== What needs to be done ==
Reproduce the records word for word, with nothing left out.

Source data:
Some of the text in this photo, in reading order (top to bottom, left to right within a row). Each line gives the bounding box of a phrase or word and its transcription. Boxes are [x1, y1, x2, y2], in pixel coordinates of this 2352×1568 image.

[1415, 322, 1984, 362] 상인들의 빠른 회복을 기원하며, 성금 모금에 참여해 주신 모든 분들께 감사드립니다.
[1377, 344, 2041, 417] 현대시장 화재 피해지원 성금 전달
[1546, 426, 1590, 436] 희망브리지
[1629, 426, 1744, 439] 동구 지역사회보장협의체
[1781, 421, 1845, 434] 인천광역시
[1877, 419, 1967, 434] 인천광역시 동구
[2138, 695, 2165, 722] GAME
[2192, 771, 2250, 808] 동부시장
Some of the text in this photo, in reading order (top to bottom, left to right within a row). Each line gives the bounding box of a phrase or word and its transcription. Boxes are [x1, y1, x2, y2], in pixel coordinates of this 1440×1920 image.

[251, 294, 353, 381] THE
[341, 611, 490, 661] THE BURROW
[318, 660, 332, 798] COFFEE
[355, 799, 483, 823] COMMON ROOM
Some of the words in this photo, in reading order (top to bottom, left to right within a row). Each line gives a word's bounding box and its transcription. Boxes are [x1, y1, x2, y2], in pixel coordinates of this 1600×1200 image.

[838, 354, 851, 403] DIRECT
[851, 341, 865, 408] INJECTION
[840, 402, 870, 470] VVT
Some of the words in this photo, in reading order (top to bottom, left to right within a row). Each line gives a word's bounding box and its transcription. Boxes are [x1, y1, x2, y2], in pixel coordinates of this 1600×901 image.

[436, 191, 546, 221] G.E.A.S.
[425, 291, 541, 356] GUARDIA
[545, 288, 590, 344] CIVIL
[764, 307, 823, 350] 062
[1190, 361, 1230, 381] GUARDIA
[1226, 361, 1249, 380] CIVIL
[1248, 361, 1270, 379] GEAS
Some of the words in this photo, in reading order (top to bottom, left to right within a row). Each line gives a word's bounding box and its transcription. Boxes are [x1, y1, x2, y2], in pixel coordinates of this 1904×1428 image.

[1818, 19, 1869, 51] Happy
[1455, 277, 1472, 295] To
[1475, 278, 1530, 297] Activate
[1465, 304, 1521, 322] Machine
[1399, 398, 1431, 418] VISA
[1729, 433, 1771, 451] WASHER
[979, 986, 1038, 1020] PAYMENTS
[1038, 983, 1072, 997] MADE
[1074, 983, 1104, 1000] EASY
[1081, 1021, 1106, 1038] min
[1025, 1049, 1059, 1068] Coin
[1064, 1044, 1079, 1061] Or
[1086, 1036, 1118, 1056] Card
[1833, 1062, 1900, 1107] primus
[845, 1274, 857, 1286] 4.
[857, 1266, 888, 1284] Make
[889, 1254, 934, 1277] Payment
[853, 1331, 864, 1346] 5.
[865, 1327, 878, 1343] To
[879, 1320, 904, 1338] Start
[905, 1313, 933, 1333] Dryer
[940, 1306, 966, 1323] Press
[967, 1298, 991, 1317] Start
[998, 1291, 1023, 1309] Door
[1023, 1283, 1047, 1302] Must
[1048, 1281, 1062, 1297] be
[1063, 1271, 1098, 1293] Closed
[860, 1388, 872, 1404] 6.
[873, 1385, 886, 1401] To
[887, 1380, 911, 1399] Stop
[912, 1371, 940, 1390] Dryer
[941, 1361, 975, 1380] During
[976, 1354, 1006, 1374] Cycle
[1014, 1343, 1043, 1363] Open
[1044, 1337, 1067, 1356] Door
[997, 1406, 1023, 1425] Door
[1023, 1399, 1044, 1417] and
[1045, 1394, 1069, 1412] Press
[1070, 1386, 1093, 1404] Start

== Expected answer ==
Some of the text in this photo, in reading order (top to bottom, left to right within a row). Each line gives the bounding box of a phrase or word and its transcription. Boxes are [x1, y1, x2, y2], in pixel coordinates of this 2352×1568 image.

[1415, 322, 1984, 362] 상인들의 빠른 회복을 기원하며, 성금 모금에 참여해 주신 모든 분들께 감사드립니다.
[1377, 344, 2041, 417] 현대시장 화재 피해지원 성금 전달
[1546, 426, 1590, 436] 희망브리지
[1629, 426, 1744, 439] 동구 지역사회보장협의체
[1781, 421, 1845, 434] 인천광역시
[1877, 419, 1967, 434] 인천광역시 동구
[2138, 695, 2165, 722] GAME
[2192, 771, 2250, 808] 동부시장
Some of the text in this photo, in reading order (top to bottom, left to right within a row). Each line gives the bounding box of a phrase or word and its transcription. Boxes are [x1, y1, x2, y2], in pixel coordinates of this 1440×1920 image.

[251, 294, 353, 381] THE
[341, 611, 490, 661] THE BURROW
[318, 660, 332, 798] COFFEE
[355, 799, 483, 823] COMMON ROOM
Some of the words in this photo, in reading order (top to bottom, left to right within a row). Each line gives a word's bounding box and its transcription. Boxes are [x1, y1, x2, y2], in pixel coordinates of this 1600×1200 image.

[838, 354, 851, 403] DIRECT
[851, 341, 865, 408] INJECTION
[840, 402, 870, 470] VVT
Some of the words in this photo, in reading order (top to bottom, left to right within a row). Each line gives a word's bounding box and its transcription. Boxes are [x1, y1, x2, y2], in pixel coordinates of this 1600×901 image.

[436, 191, 546, 221] G.E.A.S.
[425, 291, 541, 356] GUARDIA
[545, 288, 590, 344] CIVIL
[764, 307, 823, 350] 062
[1190, 361, 1230, 381] GUARDIA
[1226, 361, 1249, 380] CIVIL
[1248, 361, 1270, 379] GEAS
Some of the words in this photo, in reading order (top to bottom, left to right within a row). Each line gives a word's bounding box and its transcription. Boxes are [x1, y1, x2, y2], in pixel coordinates of this 1904×1428 image.

[1818, 19, 1869, 51] Happy
[1455, 277, 1472, 295] To
[1475, 278, 1530, 297] Activate
[1465, 304, 1521, 322] Machine
[1399, 398, 1431, 418] VISA
[1729, 433, 1771, 451] WASHER
[979, 986, 1038, 1020] PAYMENTS
[1038, 983, 1072, 997] MADE
[1074, 983, 1104, 1000] EASY
[1081, 1021, 1106, 1038] min
[1025, 1049, 1059, 1068] Coin
[1064, 1044, 1079, 1061] Or
[1086, 1036, 1118, 1056] Card
[1833, 1062, 1900, 1107] primus
[845, 1274, 857, 1286] 4.
[857, 1266, 888, 1284] Make
[889, 1254, 934, 1277] Payment
[853, 1331, 864, 1346] 5.
[865, 1327, 878, 1343] To
[879, 1320, 904, 1338] Start
[905, 1313, 933, 1333] Dryer
[940, 1306, 966, 1323] Press
[967, 1298, 991, 1317] Start
[998, 1291, 1023, 1309] Door
[1023, 1283, 1047, 1302] Must
[1048, 1281, 1062, 1297] be
[1063, 1271, 1098, 1293] Closed
[860, 1388, 872, 1404] 6.
[873, 1385, 886, 1401] To
[887, 1380, 911, 1399] Stop
[912, 1371, 940, 1390] Dryer
[941, 1361, 975, 1380] During
[976, 1354, 1006, 1374] Cycle
[1014, 1343, 1043, 1363] Open
[1044, 1337, 1067, 1356] Door
[997, 1406, 1023, 1425] Door
[1023, 1399, 1044, 1417] and
[1045, 1394, 1069, 1412] Press
[1070, 1386, 1093, 1404] Start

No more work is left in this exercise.